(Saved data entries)

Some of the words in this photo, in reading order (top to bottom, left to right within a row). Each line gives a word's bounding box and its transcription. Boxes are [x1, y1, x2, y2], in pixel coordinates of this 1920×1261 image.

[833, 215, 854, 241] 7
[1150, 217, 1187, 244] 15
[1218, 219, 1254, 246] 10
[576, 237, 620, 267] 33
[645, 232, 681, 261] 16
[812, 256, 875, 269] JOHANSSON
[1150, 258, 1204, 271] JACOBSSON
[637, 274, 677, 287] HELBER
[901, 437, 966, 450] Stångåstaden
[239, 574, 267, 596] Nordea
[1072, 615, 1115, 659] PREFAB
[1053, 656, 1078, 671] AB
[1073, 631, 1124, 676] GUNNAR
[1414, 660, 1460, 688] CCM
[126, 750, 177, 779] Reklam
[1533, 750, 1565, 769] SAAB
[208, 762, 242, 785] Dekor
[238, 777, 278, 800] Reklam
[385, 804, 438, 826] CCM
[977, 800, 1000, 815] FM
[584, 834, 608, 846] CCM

- [EXERCISE] What you need to do is repeat every record above exactly.

- [RESULT OF THIS TASK]
Some of the words in this photo, in reading order (top to bottom, left to right within a row). Each line gives a word's bounding box and its transcription. Boxes are [x1, y1, x2, y2], in pixel coordinates of this 1920×1261 image.

[833, 215, 854, 241] 7
[1150, 217, 1187, 244] 15
[1218, 219, 1254, 246] 10
[576, 237, 620, 267] 33
[645, 232, 681, 261] 16
[812, 256, 875, 269] JOHANSSON
[1150, 258, 1204, 271] JACOBSSON
[637, 274, 677, 287] HELBER
[901, 437, 966, 450] Stångåstaden
[239, 574, 267, 596] Nordea
[1072, 615, 1115, 659] PREFAB
[1053, 656, 1078, 671] AB
[1073, 631, 1124, 676] GUNNAR
[1414, 660, 1460, 688] CCM
[126, 750, 177, 779] Reklam
[1533, 750, 1565, 769] SAAB
[208, 762, 242, 785] Dekor
[238, 777, 278, 800] Reklam
[385, 804, 438, 826] CCM
[977, 800, 1000, 815] FM
[584, 834, 608, 846] CCM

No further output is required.